If you receive a divorce settlement, an inheritance or another lump sum of money you need to carefully plan what to do with the money. Unless you are very financially stable and debt free, spending most of the money on a holiday or a new car is not the most sensible use of the money – instead use the money to improve your financial security.
Firstly, take stock of your current finances. Consider what debt you have, how much savings you have, and any essential purchases that need to be made? If you have a financial advisor, you might like to seek their advice.
You should apply the money to the most important items:
- Expensive debt – this is debt incurring high rates of interest such as credit cards and car or personal loans;
- Mortgage – are your payments up to date? Can you make any extra payments on your mortgage? Some banks don't allow this, or allow them only to a capped amount, so check with your bank;
- Essential purchases – such as school uniforms or new tyres – consider if there are any urgent purchases that need to happen soon;
- Superannuation – use the Superannuation Calculator at the MoneySmart website. Do you have enough superannuation?

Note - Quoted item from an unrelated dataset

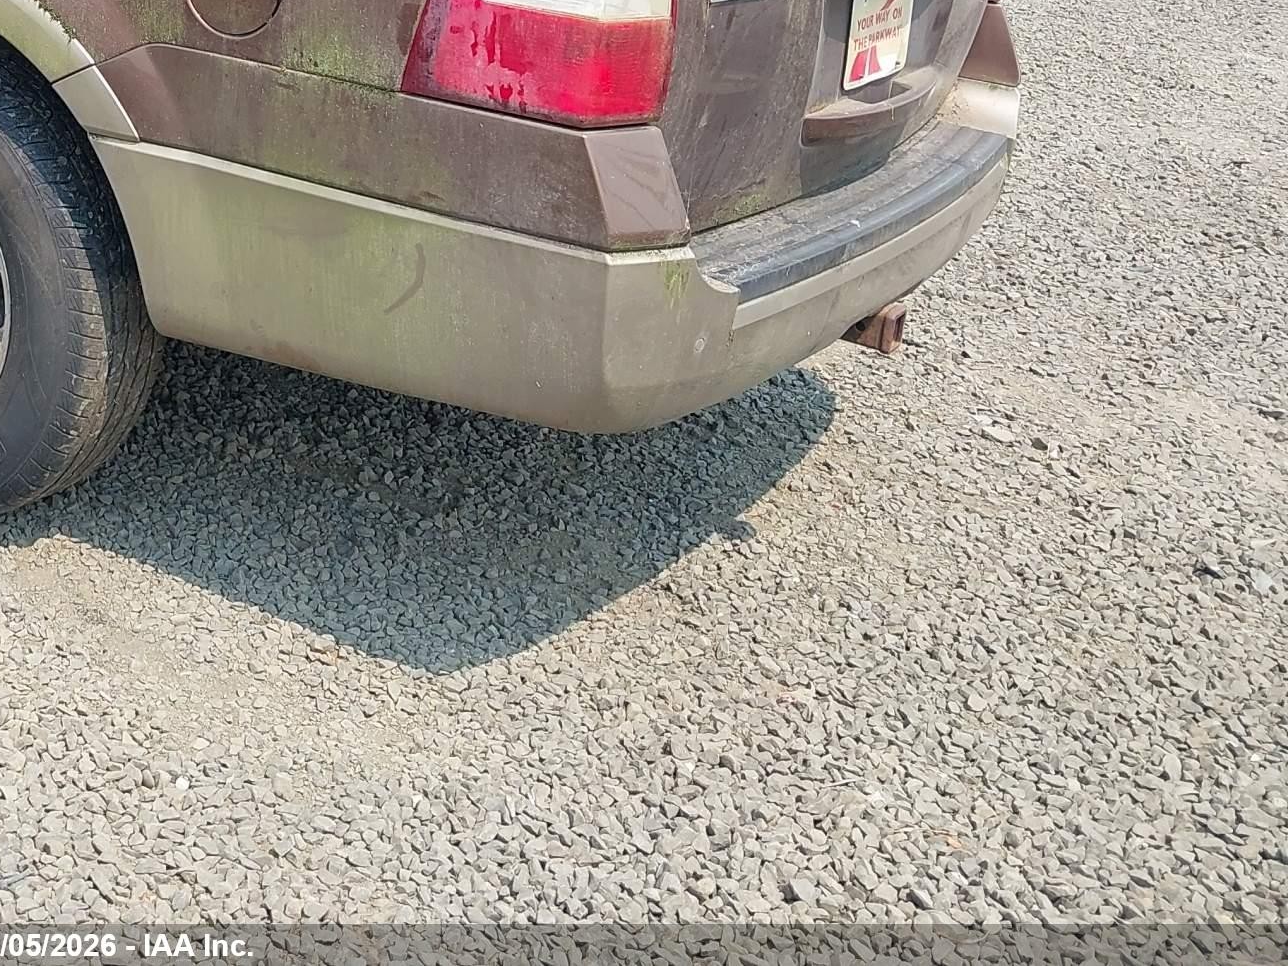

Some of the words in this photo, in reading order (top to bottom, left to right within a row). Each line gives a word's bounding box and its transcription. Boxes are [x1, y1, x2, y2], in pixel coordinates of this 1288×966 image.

- Savings – make sure you have enough on hand for any unexpected emergencies that might occur. Most recommendations are for a balance of about approximately three months salary;
- Treat yourself – if there is any money remaining after these essentials, use some to treat yourself. A small holiday or a fancy dinner – but don't consider these regular activities as they can soon drain your pocket.
If you are receiving any payments from Centrelink, it is important that you let them know you have received a sum of money. Failure to do so could result in a Centrelink debt.